When Alice found herself in Wonderland, she observed a recognizable world that had been turned on its side. So too do we find ourselves in FATCA-Land; logic and proportion, while recognizable, are unfamiliar. In Wonderland clocks ran backward and animals could talk; in FATCA-Land virtually all Canadian private trust or estates are treated as banks.1

The Foreign Account Tax Compliance Act (FATCA) legislation is stunning in its ambition, reach and complexity, and as a result, this article will discuss only a few of the most important issues that arise under the Intergovernmental Agreement (or “IGA”) recently executed by Canada and the US. These issues include: classification of trusts, the issues with TFSAs, RRSPs, etc., and an identification of potential problems with Canada’s draft legislative proposal.

As a resident of Canada, complaining about FATCA is a lot like complaining about the weather – it makes us feel better but doesn’t change it.  Fortunately the IGA mitigates the worst of the effects of FATCA and all right minded people would agree that life under the IGA is much better than would have been without it.
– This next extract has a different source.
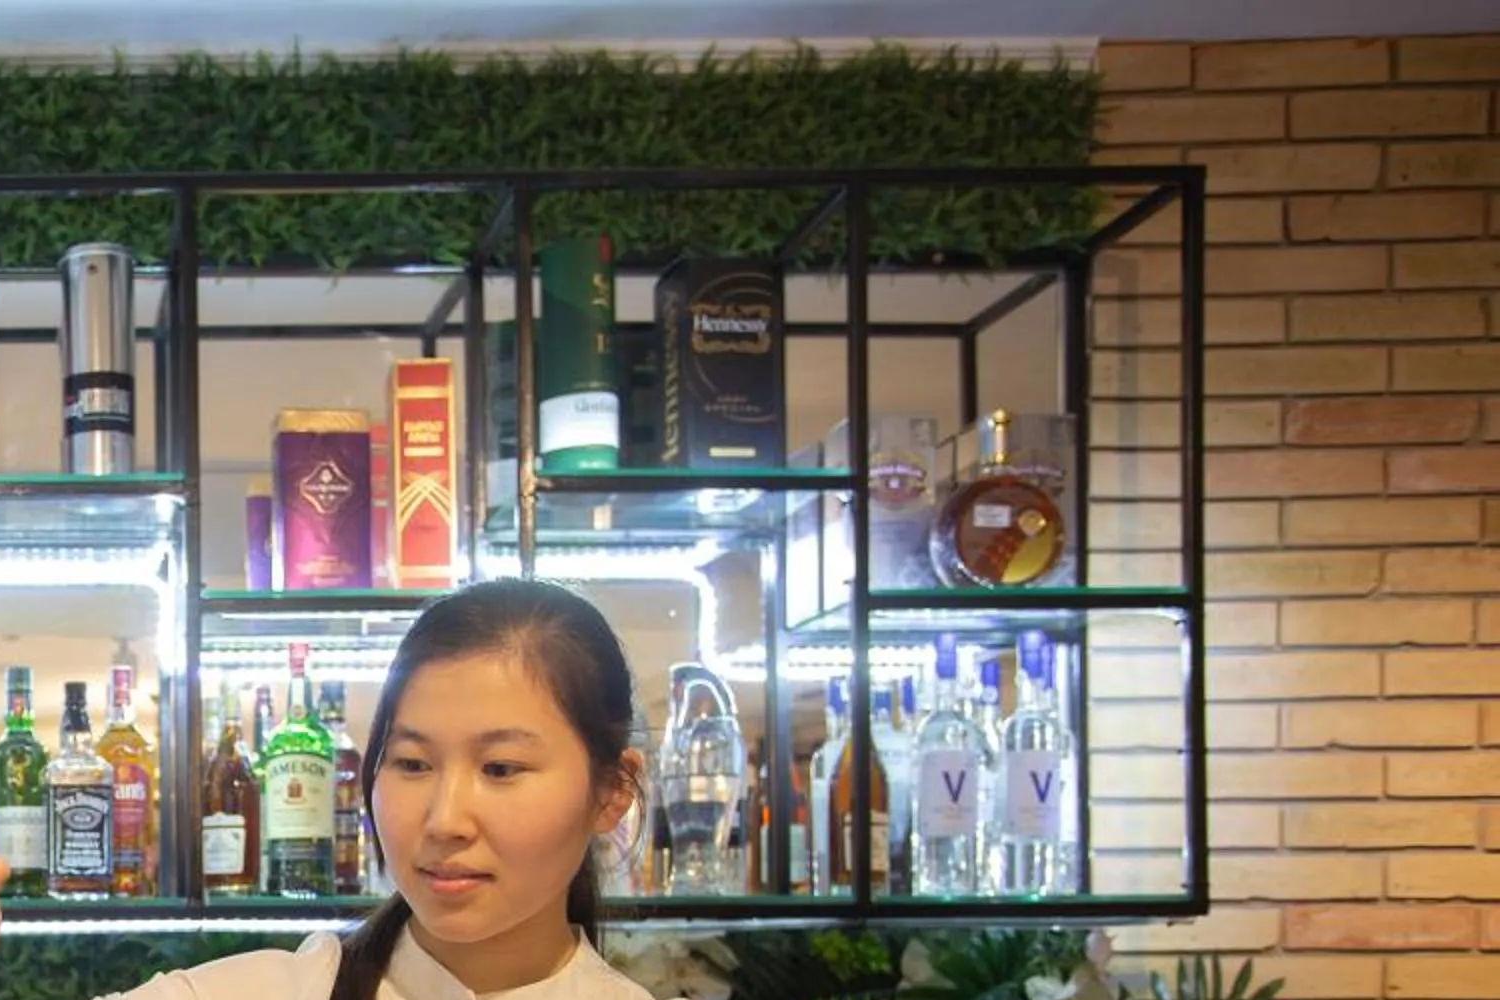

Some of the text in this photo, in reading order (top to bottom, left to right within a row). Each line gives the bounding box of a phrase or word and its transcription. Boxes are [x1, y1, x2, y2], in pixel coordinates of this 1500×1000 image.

The Department of Finance of Canada did a great job explaining its reasoning for entering into the IGA and what was averted by doing so.2

Brief background

After the terrorist attacks on 9/11, the US realized that its position in the global economy coupled with pressure on the global banking system could prove to be a very powerful weapon to fight money laundering and terrorism.3 In 2010 the US congress enacted FATCA, which utilizes the strategies perfected post-9/11 to prevent US citizens from hiding income and assets in foreign jurisdictions.
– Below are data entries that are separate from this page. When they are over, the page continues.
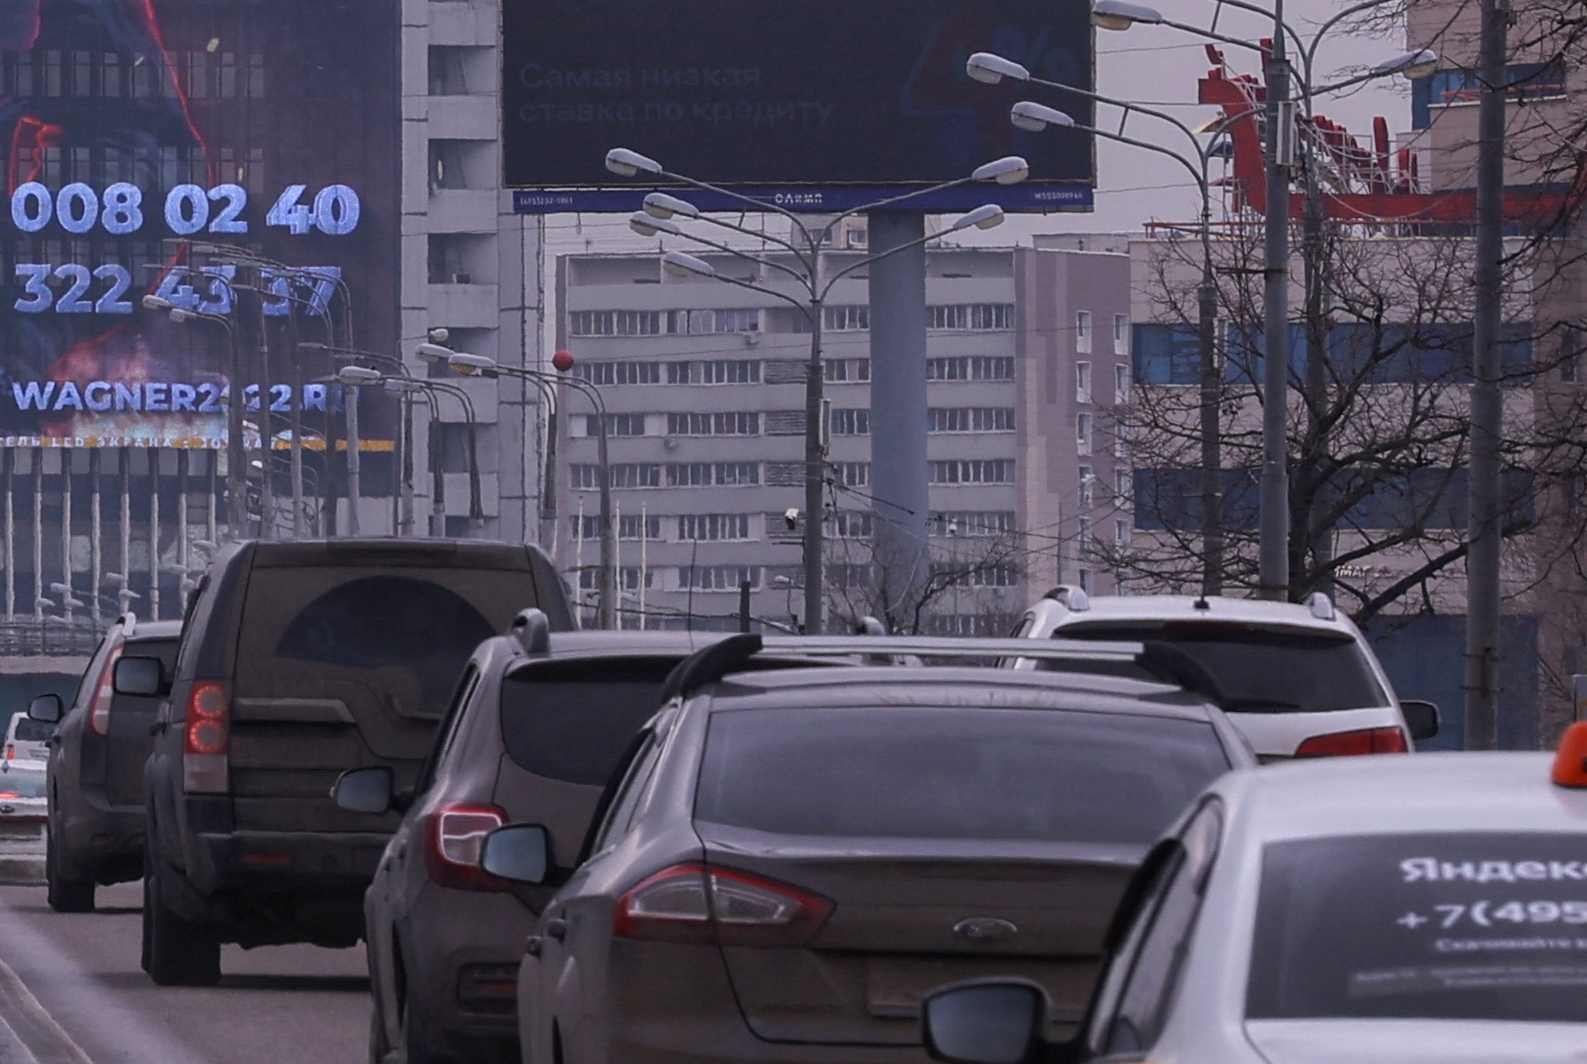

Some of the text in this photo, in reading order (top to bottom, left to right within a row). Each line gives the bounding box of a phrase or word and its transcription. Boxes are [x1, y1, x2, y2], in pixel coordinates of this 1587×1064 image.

[519, 64, 761, 88] Самая низкая
[519, 101, 836, 129] ставка по кредиту
[10, 181, 144, 234] 008
[164, 183, 249, 235] 02
[265, 184, 362, 235] 40
[13, 263, 133, 314] 322
[51, 437, 85, 448] LED
[1399, 857, 1587, 884] Яндек
FATCA is a whopper of a piece of legislation. While the statute4 is relatively brief (3,362 words in fact) the regulations are punishingly voluminous and complex. Including the preamble, the regulations take up 522 pages… and there are no pictures. Attorney Peter Cotorceanu deftly noted “It’s a leviathan. And it breaths fire.”5

When reduced to its essence, FATCA classifies every non-US business, non-US entity, and non-US legal relationship as either a Foreign Financial Institution (or “FFI”) or a Nonfinancial Foreign Entity (or “NFFE”) and imposes certain obligations depending on the classification.

Generally, FFIs are obligated to report US person customers to the IRS, though under the IGA the reporting is to the Canada Revenue Agency (or “CRA”). On the other hand, NFFEs are obligated to report their US person owners to the withholding agent (the payors) when receiving certain types of payments from US sources.

Since the rules and penalties are different for FFIs and NFFEs it is critical to accurately determine the appropriate classification from the outset.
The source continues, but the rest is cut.